Steady increase in the deployment of encryption solutions


IT security firm Thales has announced the publication of its latest Global Encryption Trends Study. The report, based on independent research by the Ponemon Institute and sponsored by Thales, reveals that encryption continues to be viewed as a strategic issue and that organizations are increasing their investment in encryption across the enterprise in response to compliance regulations and cyber-attacks.

More than 4,000 business and IT managers were surveyed in the US, UK, Germany, France, Australia, Japan and Brazil, examining global encryption trends and regional differences in encryption usage. The report is now in its eighth year since its launch in 2005.

The results of the study show there has been a steady increase in the deployment of encryption solutions used by organizations over the past eight years. The percentage of overall IT security spending dedicated to encryption has also increased, almost doubling from 10% to 18%, demonstrating that organizations are prioritizing encryption over other security technologies.

 Some of the bigger encryption trends over the past eight years include:

  • Increase in the use of encryption as an enterprise rather than a point solution.
  • More influence at the business unit level in choosing and deploying encryption technologies.
  • Decrease in the importance of compliance as a main driver to encryption adoption.
  • Increase in spending on encryption and key management as a percentage of the IT budget.

Encryption  is a Strategic Issue

Encryption continues to be viewed as a strategic issue with business leaders rather than IT or security professionals gaining greater influence over their organization’s encryption strategy. For the first time business managers in the United States became the more influential group in setting the encryption strategy, demonstrating that encryption is no longer seen as just an IT issue but one that affects an entire organization.

“Encryption usage has emerged as a clear indicator of a strong security posture with organizations that deploy encryption being more aware of threats to sensitive and confidential information and making a greater investment in IT security. Regardless of an organization’s situation, it is clear that encryption and key management are becoming more widely deployed,” said Dr Larry Ponemon, chairman and founder of The Ponemon Institute.  

Perceptions about the most significant threats to the exposure of sensitive or confidential data are employee mistakes, forced disclosures triggered by e-discovery requests and system or process malfunctions. Combined, these concerns over inadvertent exposure outweigh concerns over actual malicious attacks by more than two to one.

Top Data Protection Priorities

The top data protection priorities focus on identity and access management, data discovery, protecting data in use within business applications and protecting data in outsourced or cloud environments. The importance of protecting data in cloud environments rose significantly from last year’s survey ranking fourth in priority – up from 12th.

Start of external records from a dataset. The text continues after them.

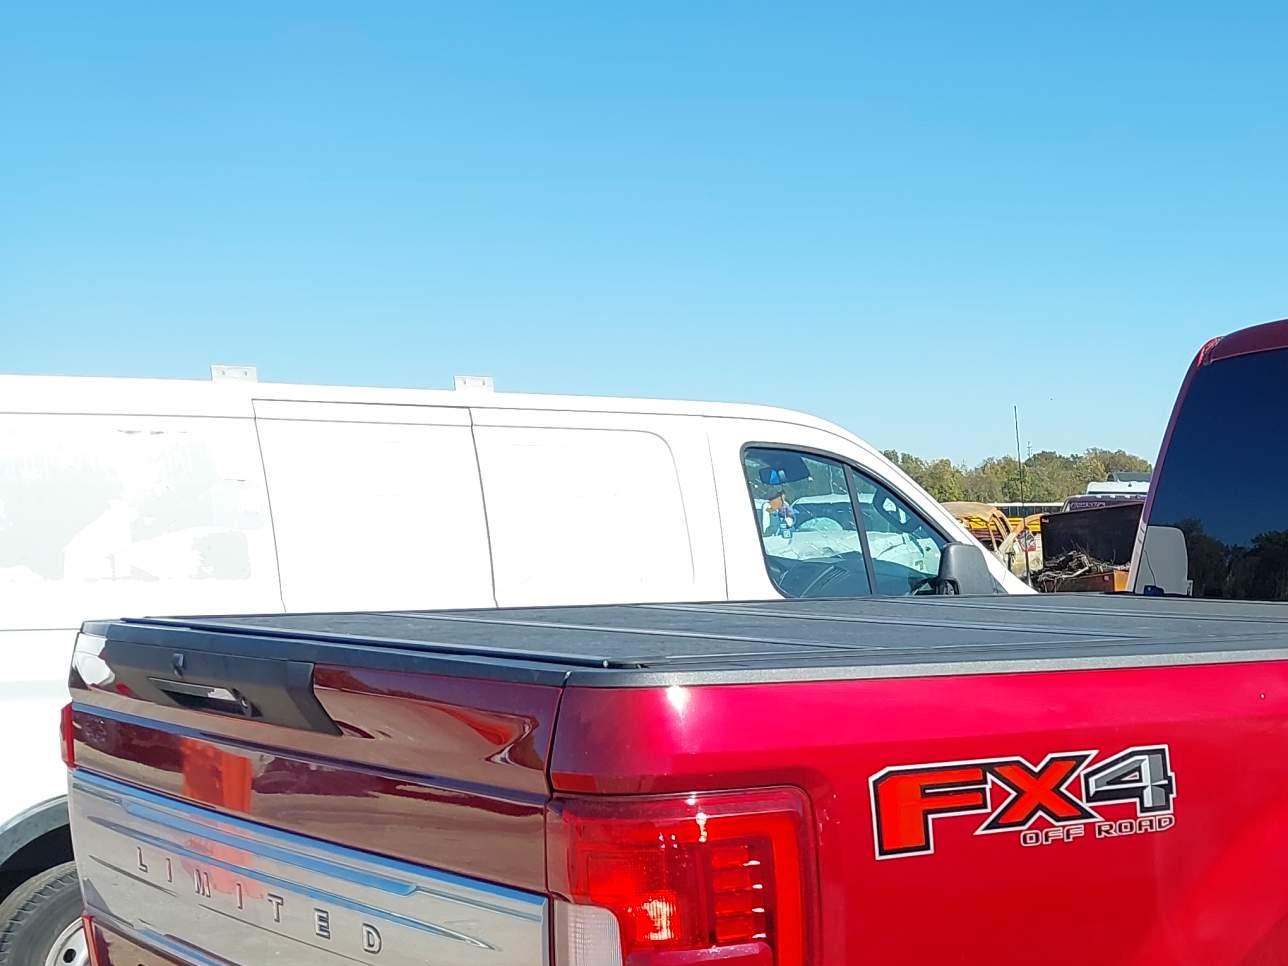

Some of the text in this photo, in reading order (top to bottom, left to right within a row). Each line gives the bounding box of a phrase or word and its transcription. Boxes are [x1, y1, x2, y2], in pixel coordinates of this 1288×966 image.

[868, 744, 1176, 860] FX4
[1020, 815, 1175, 846] OFF ROAD
[137, 845, 383, 955] LIMITED
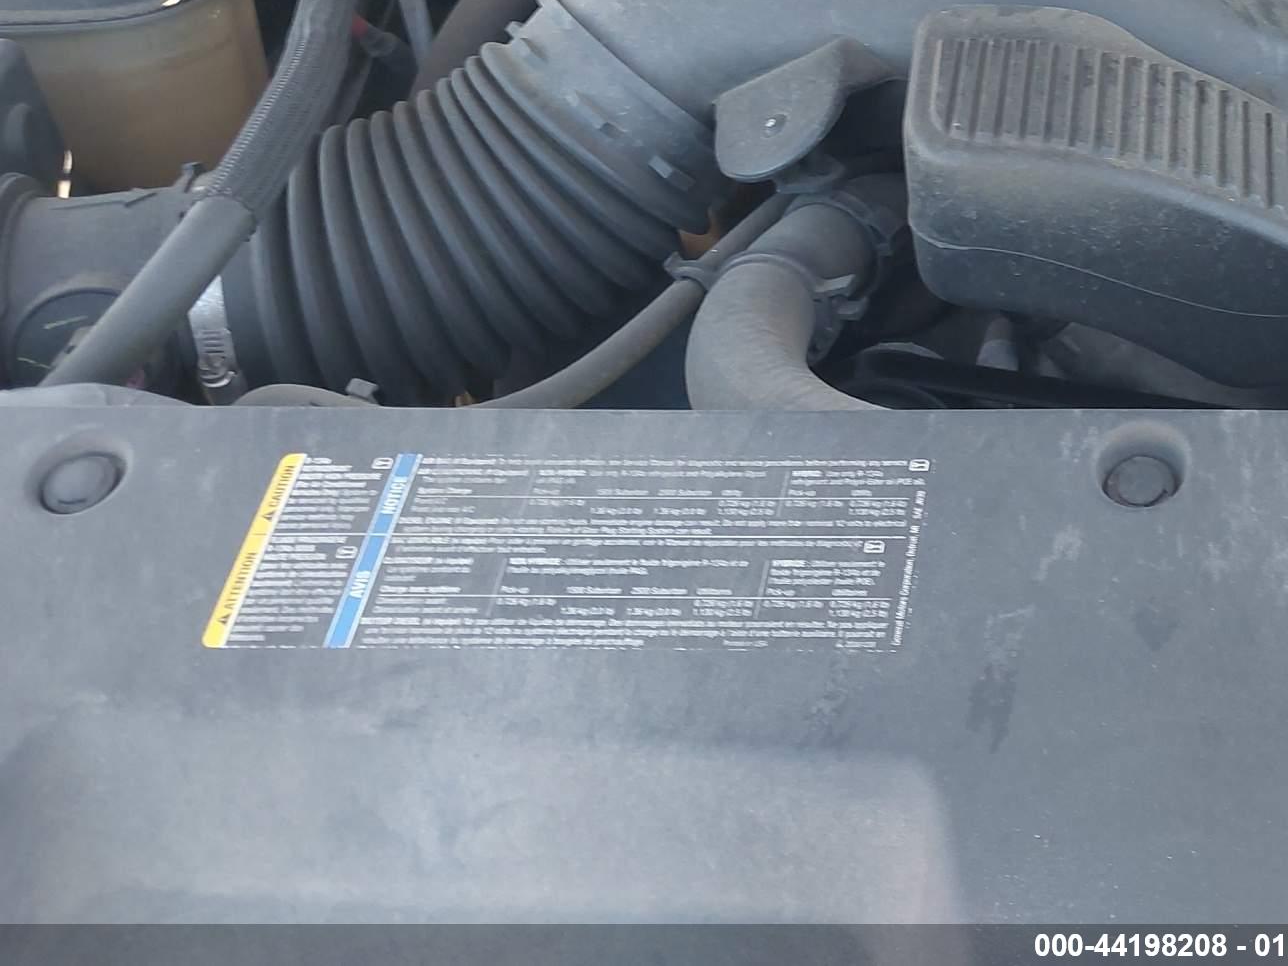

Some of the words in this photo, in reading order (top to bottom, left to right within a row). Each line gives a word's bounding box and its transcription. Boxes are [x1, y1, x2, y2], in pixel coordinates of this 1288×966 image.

[270, 465, 295, 509] CAUTION
[380, 476, 408, 514] NOTICE
[223, 551, 258, 612] ATTENTION
[349, 570, 372, 598] AVIS
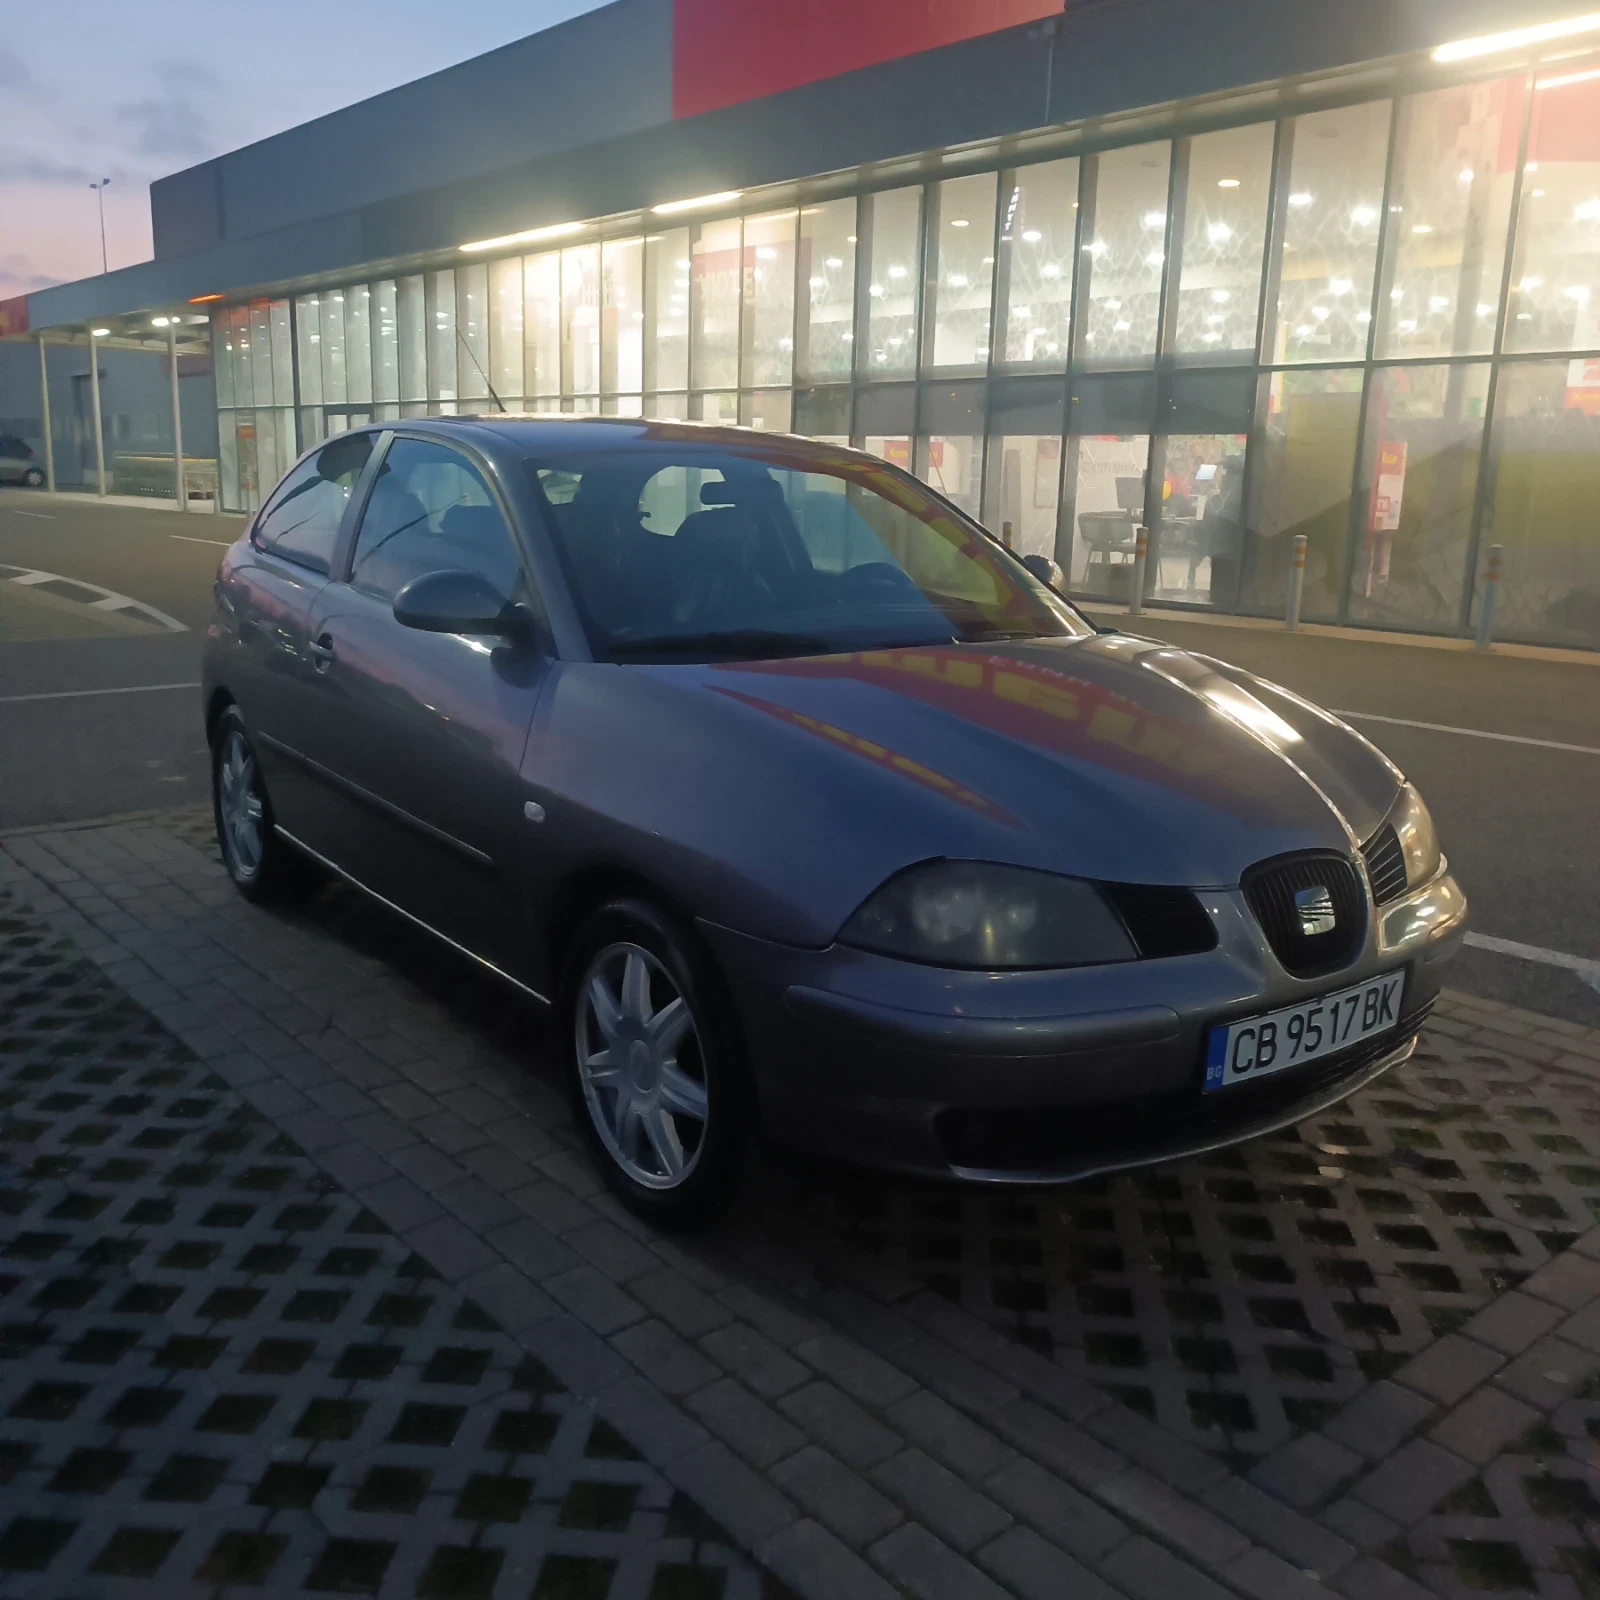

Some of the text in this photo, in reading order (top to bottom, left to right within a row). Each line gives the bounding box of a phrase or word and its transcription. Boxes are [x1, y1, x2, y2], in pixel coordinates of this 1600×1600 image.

When it comes to buying criteria, performance is always the top concern. The next largest issue is key management with 38% of respondents saying they have a formal key management strategy. To support that strategy, the new Key Management Interoperability Protocol (KMIP) standard that allows organizations to deploy centralized key management systems that span multiple use cases and equipment vendors, has already established a relatively high level of awareness among IT and IT security practitioners. KMIP is perceived to be of increasing importance and is expected to contribute to encryption and key management strategies specifically around the cloud, storage and application-centric deployments.

Hardware security modules (HSMs) are increasingly considered a critical component of a key management strategy. These devices are used to protect critical data processing activities and can be used to strongly enforce security polices and access controls.